We will give you this key in the workshop. __The key will be deactivated after the workshop!__

You can then grab the key using python:

In [4]:
from dotenv import load_dotenv
import os

load_dotenv()

OPENAI_API_KEY = os.getenv("OPENAI_API_KEY")

In [5]:
from openai import OpenAI

client = OpenAI()

## (3–10 min) Chat Completions and a First Conjecture

---


Calling a model is simple

We'll start with a *deliberately* loose prompt so we can see what goes wrong.

In [6]:
MODEL = "gpt-4o-mini"

system_prompt = "You are a helpful assistant."
user_query = "Give me an interesting conjecture about graphs."

response = client.chat.completions.create(
  model=MODEL,
  messages=[
    {"role": "system", "content": system_prompt},
    {"role": "user", "content": user_query},
  ]
)

print(response.choices[0].message.content)

One interesting conjecture in the field of graph theory is the **Hadwiger Conjecture**. 

**Hadwiger Conjecture**: For every positive integer \( k \), if a graph \( G \) is planar, then it can be colored with \( k \) colors if and only if \( G \) does not contain \( K_{k+1} \) as a minor.
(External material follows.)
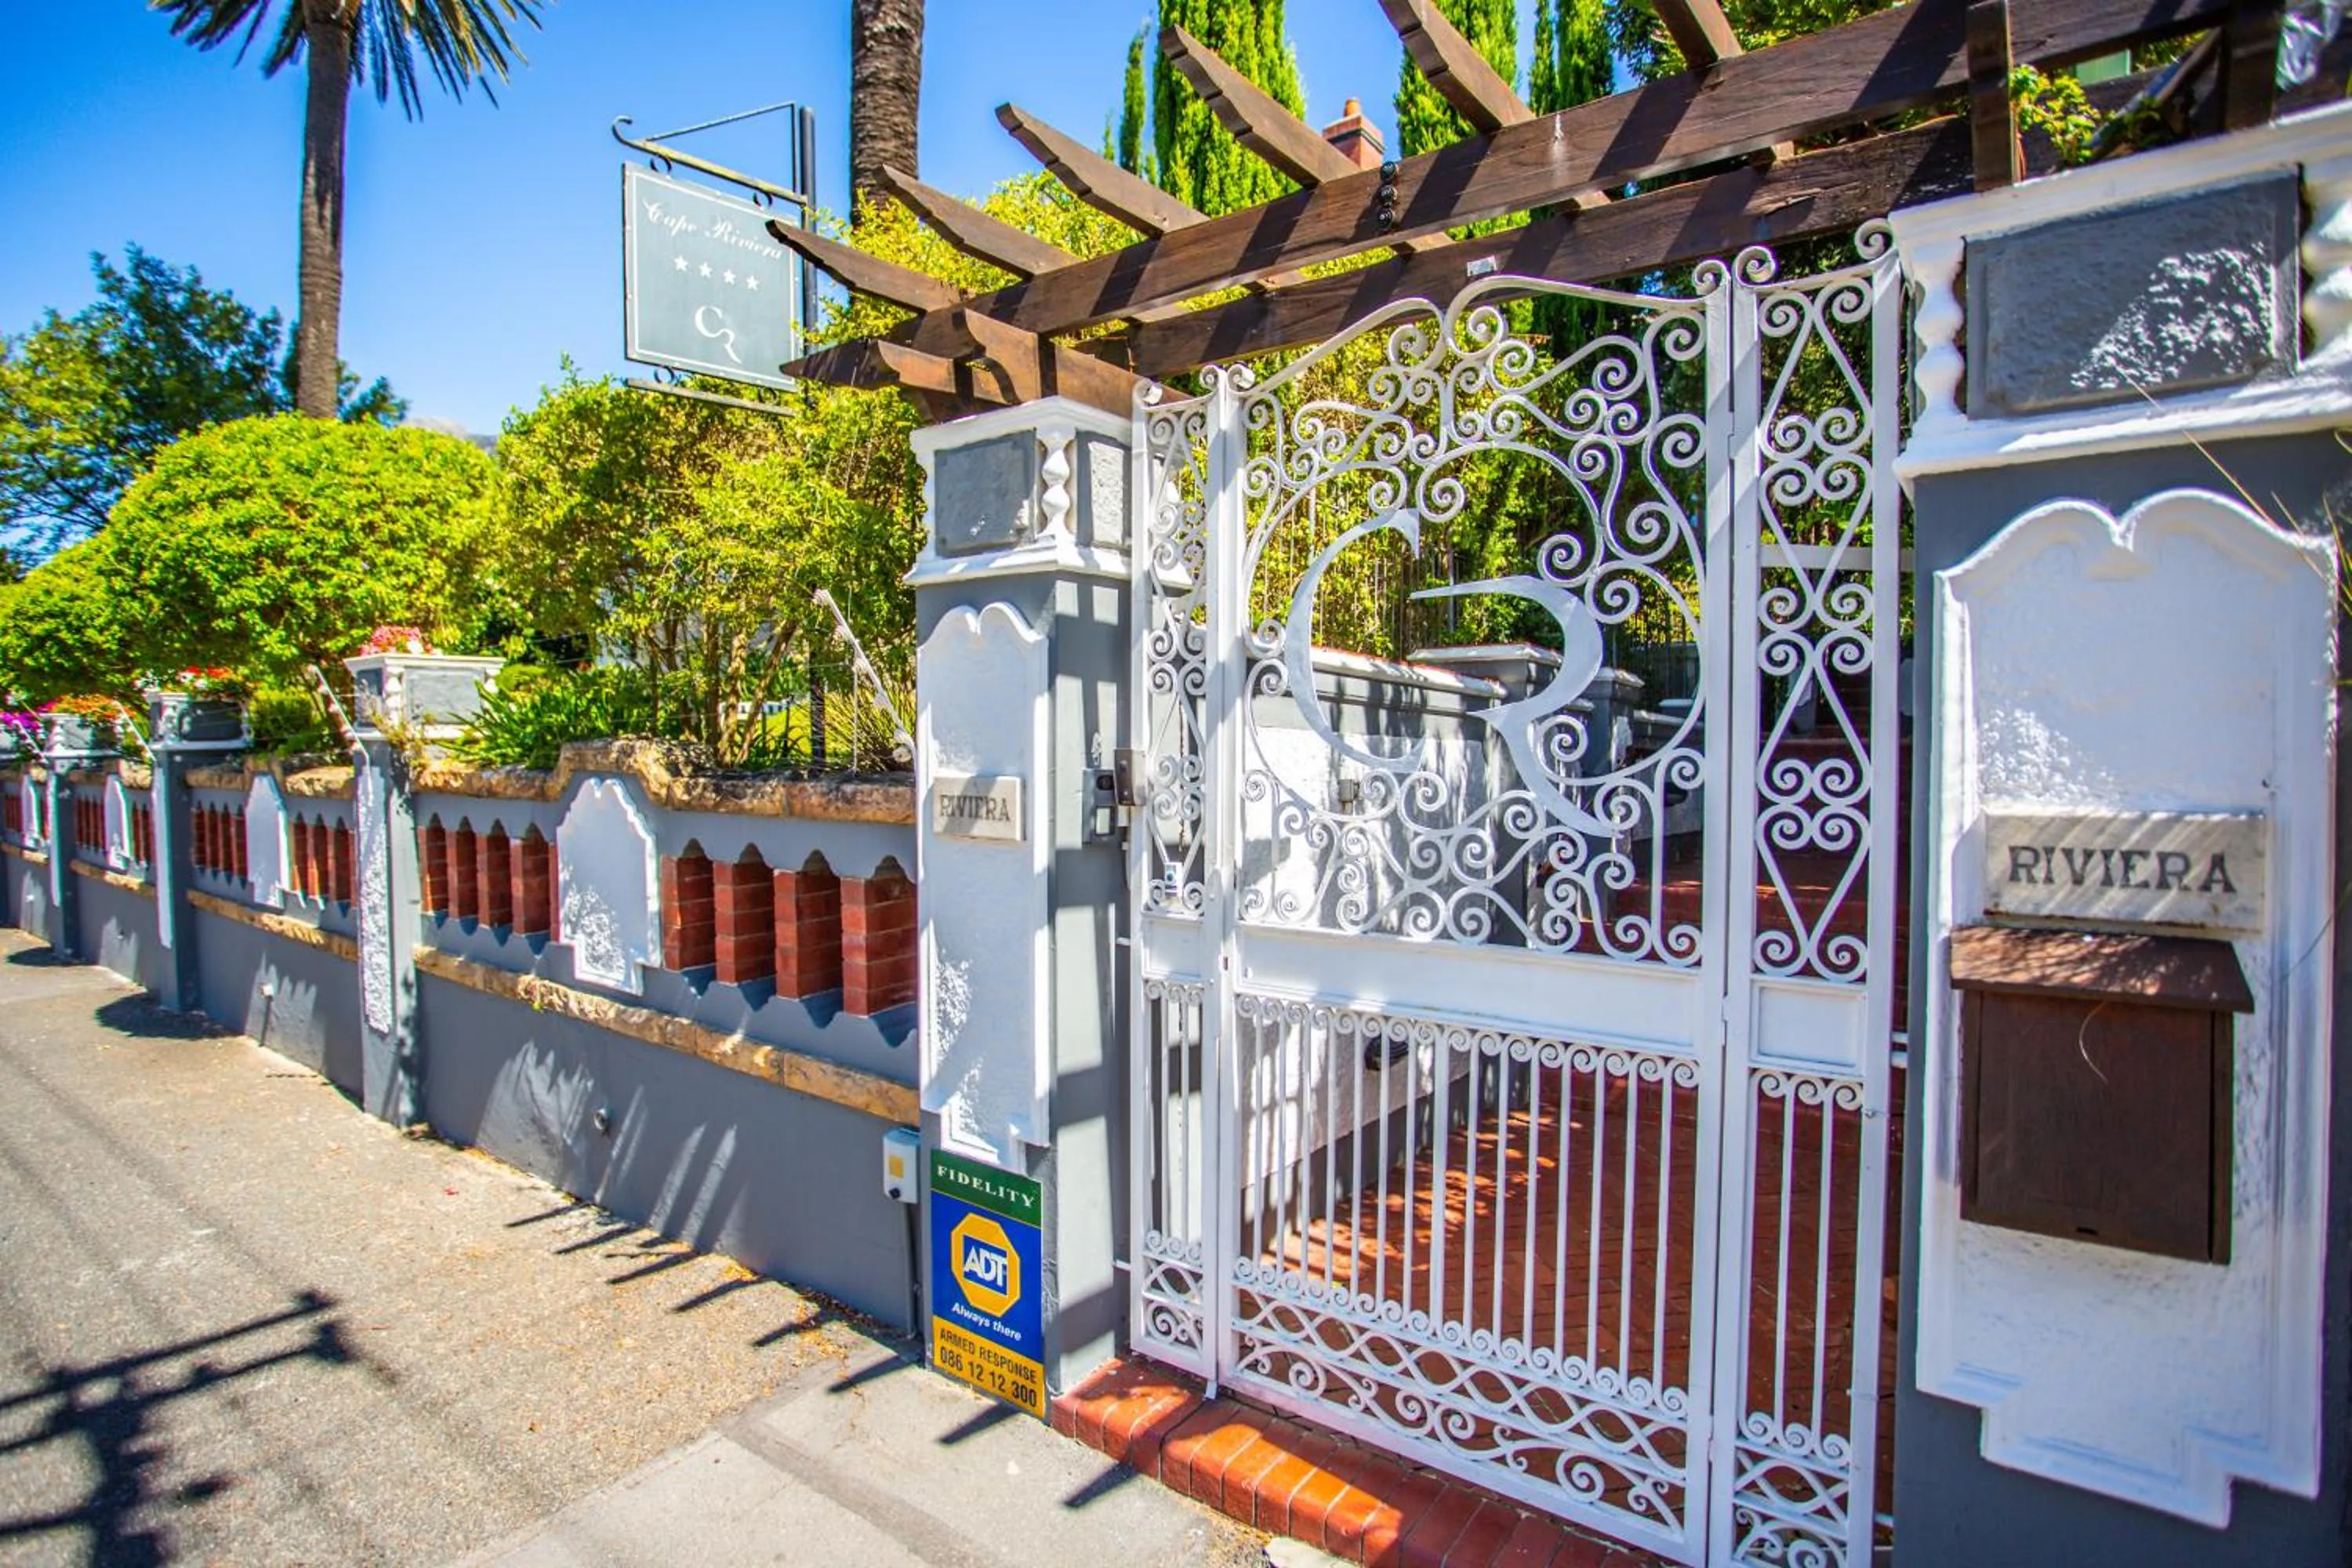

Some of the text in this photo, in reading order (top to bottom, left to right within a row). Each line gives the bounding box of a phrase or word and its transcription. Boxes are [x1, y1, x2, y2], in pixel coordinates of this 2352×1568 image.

This conjecture relates to the concept of graph minors and coloring. It essentially claims that the ability to color a planar graph with \( k \) colors is equivalent to the absence of a complete graph \( K_{k+1} \) as a minor. The conjecture has been proven for small values of \( k \) (such as \( k = 1, 2, 3, 4 \)), but remains open for \( k \geq 5 \).

The Hadwiger Conjecture is significant because it connects various areas of graph theory, including coloring, planar graphs, and graph minors, and poses deep questions regarding the structural properties of graphs.


This is interesting - but it immediately highlights several issues if we want to use LLMs as research tools rather than encyclopaedias:

- **Novelty**: The model is likely recalling a well-known conjecture from its training data.
- **Machine Readability**: The output is plain English and difficult to parse programmatically.
- **Verifiability**: There is no structured way to test or evaluate the claim.

In [7]:
# A slightly tighter prompt: still plain English but now non-trivial
messages = [
    {"role": "system", "content": "You are a careful research assistant. Follow instructions exactly."},
    {"role": "user", "content": (
        "Give ONE conjecture about simple undirected graphs.\n\n"
        "Constraints:\n"
        "- Do NOT reference named theorems or textbook facts\n"
        "(avoid words like: tree, planar, bipartite, Euler, Turán, Ramsey).\n"
        "- Use only these invariants in your statement: number of nodes.\n"
        "number of edges m, maximum degree Δ, number of triangles t.\n"
        "diameter d (when defined), and connectedness.\n"
        "- Make it falsifiable: it should be a concrete inequality or implication.\n"
        "- Keep it short (1–2 sentences)."
    )},
]

# We're also going to define a function to make hitting the chat completion endpoint a bit easier
def chat(model, messages, **kwargs) -> str:

    resp = client.chat.completions.create(model=model, messages=messages, **kwargs)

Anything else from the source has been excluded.